Brightline debt concerns surfaced after auditors for Brightline Florida flagged significant debts. Those debts were flagged in the company’s 2025 financial statement. The audit also raised concerns about the private passenger rail operator’s ability to continue operating. This is reported by the railway transport news portal Railway Supply.

Auditors Flag Major Liquidity Deficit for Brightline Amid $2 Billion Debt Load
Photo: gobrightline.com.Auditors Flag Major Liquidity Deficit for Brightline Amid $2 Billion Debt Load

Brightline debt concerns and liquidity

According to the Miami Herald, an Ernst and Young audit said Brightline “does not currently have the liquid funds necessary to service its debt,” or meet other obligations when they come due. The company has more than $2 billion in long-term debt. It was expected to pay $117 million in interest this year. Those payments have been deferred until mid-June.

Meanwhile, Brightline has spent several months seeking to sell part of the business. It has also said it may be able to negotiate more time to pay interest. It may also arrange payment through ownership stakes, the report said.
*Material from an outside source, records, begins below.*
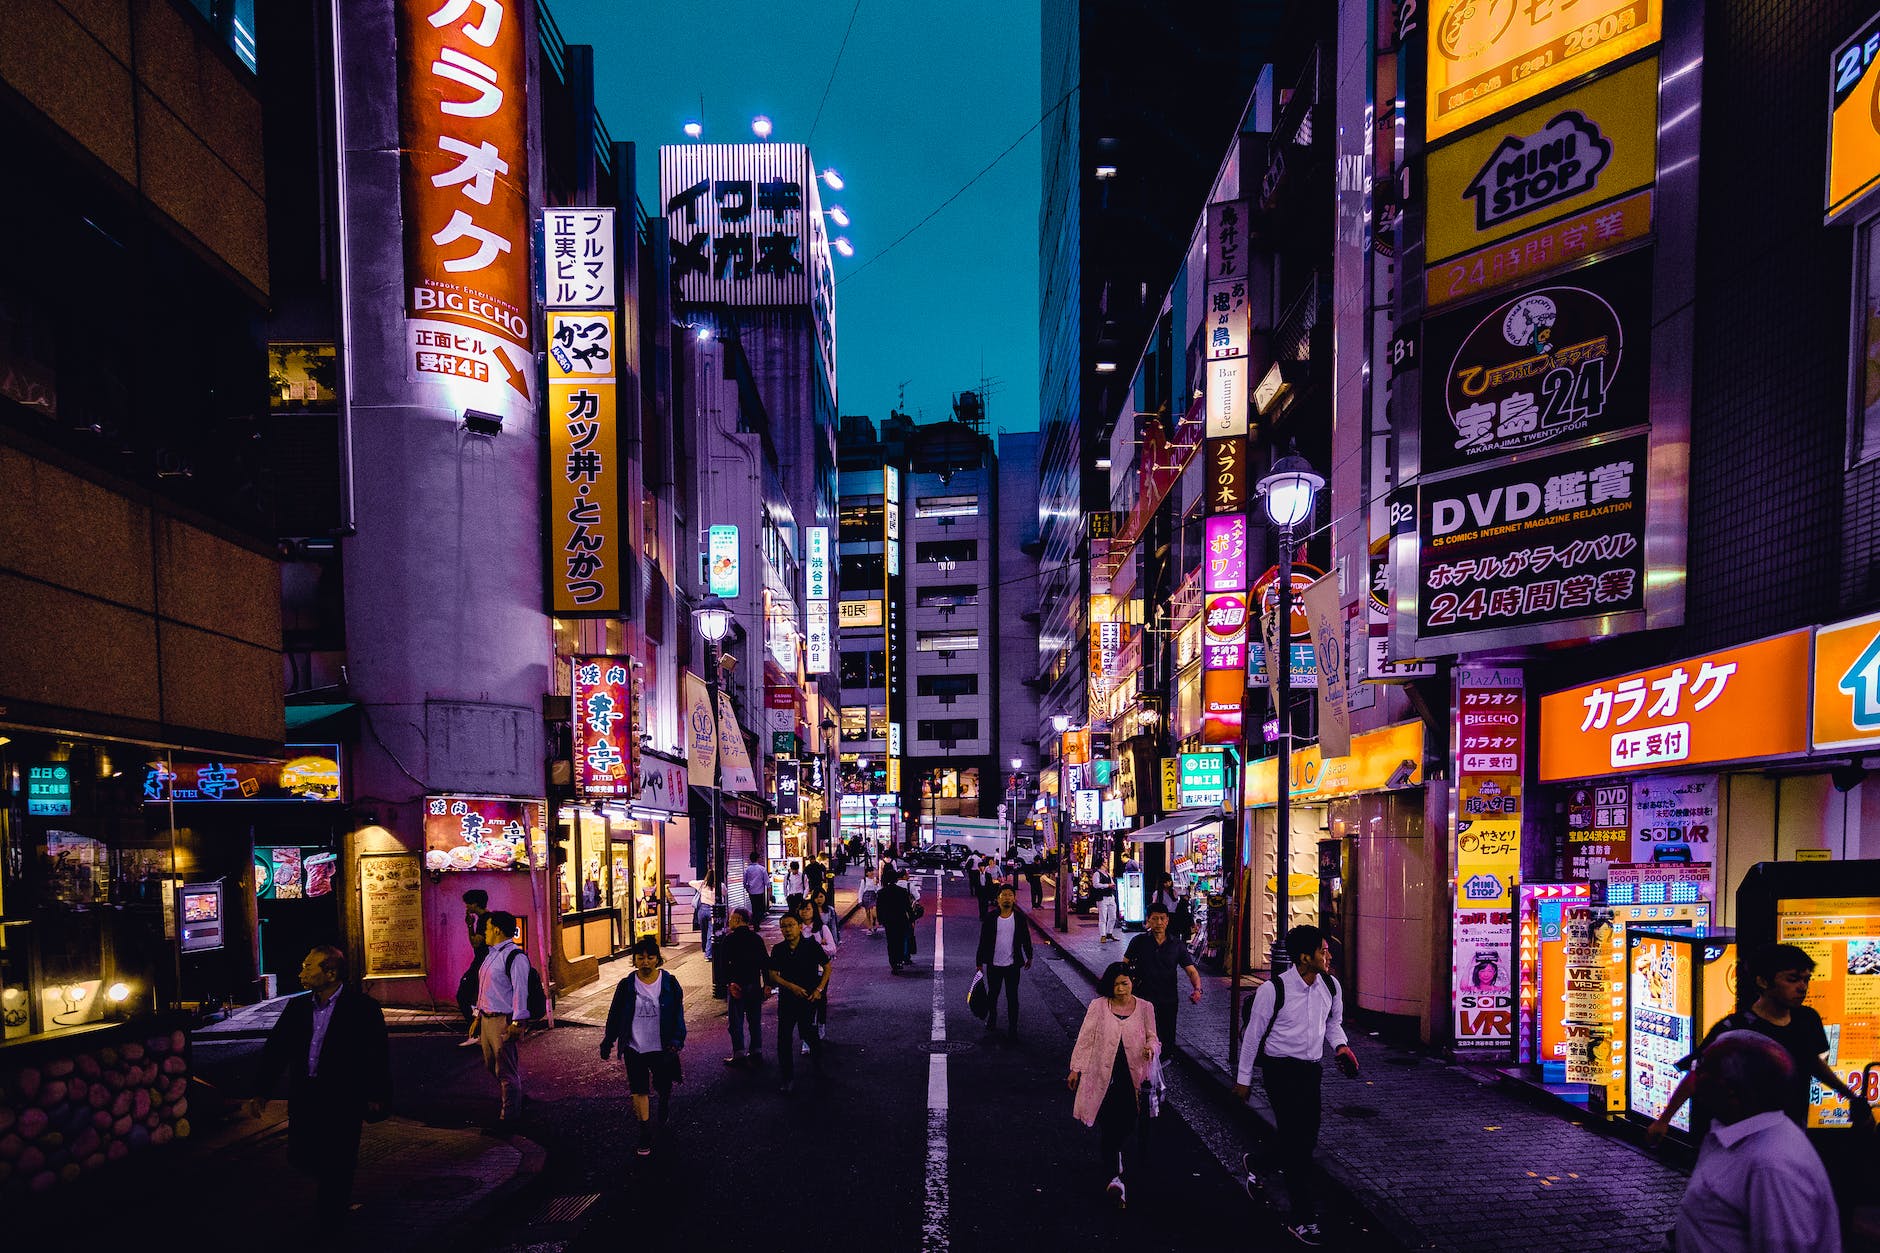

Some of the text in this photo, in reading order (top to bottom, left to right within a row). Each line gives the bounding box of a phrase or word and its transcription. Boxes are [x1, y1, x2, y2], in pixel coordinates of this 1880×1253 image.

[426, 0, 511, 273] カラオケ
[1496, 133, 1577, 188] MINI
[1491, 159, 1580, 214] STOP
[554, 215, 577, 303] 正実ビル
[583, 214, 605, 302] ブルマン
[1447, 211, 1625, 297] 24時間営業
[424, 278, 520, 313] Karaoke Entertainment
[414, 287, 528, 339] BIG ECHO
[415, 329, 488, 355] 正面ビル
[553, 320, 609, 370] かつや
[1394, 339, 1414, 366] B1
[419, 353, 487, 379] 受付4F
[1218, 367, 1237, 378] Bar
[1465, 420, 1588, 456] TAKARAJIMA TWENTY FOUR
[1216, 440, 1237, 504] バラの木
[566, 389, 604, 604] カツ丼・とんかつ
[1431, 461, 1635, 536] DVD鑑賞
[1390, 502, 1413, 527] B2
[1432, 501, 1632, 547] CS COMICS INTERNET MAGAZINE RELAXATION
[1230, 519, 1246, 560] スナック
[1427, 533, 1637, 589] ホテルがライバル
[811, 557, 823, 596] 渋谷会
[841, 604, 866, 616] 和民
[1426, 568, 1636, 626] 24時間営業
[1207, 608, 1246, 626] 楽園
[1211, 655, 1239, 666] 右折
[1464, 693, 1518, 706] カラオケ
[1580, 661, 1737, 732] カラオケ
[1464, 714, 1519, 725] BIG ECHO
[1463, 736, 1517, 749] カラオケ
[1616, 730, 1682, 760] 4F 受付
[574, 722, 585, 798] RESTAURANT
[1199, 758, 1220, 770] 日立
[1467, 757, 1512, 768] 4F 受付
[1596, 789, 1627, 804] DVD
[1458, 822, 1470, 830] 2F
[1596, 809, 1627, 827] 鑑賞
[1479, 830, 1516, 842] やきとり
[1480, 843, 1517, 854] センター
[1471, 888, 1495, 896] STOP
[1609, 874, 1710, 884] 1500円 2000円 2500円
[1704, 947, 1721, 960] 2F
[1569, 969, 1592, 980] VR
[1461, 996, 1512, 1008] SOD
[1460, 1010, 1512, 1035] VR
[1568, 1027, 1590, 1037] VR
Revenue growth, losses and default forecast

Brightline’s revenue rose 14% in 2025 to $214 million. That was about half of the expected growth, according to the report. Also, ridership increased during the year. Still, the company lost $233 million in 2025. The loss came from operating expenses and interest payments.

In December 2025, S&P Global “sharply revised” its case for Brightline. S&P Global is a major credit rating agency. The agency said available liquidity had been depleted faster than anticipated. In addition, it forecast that the railroad will default in January 2027.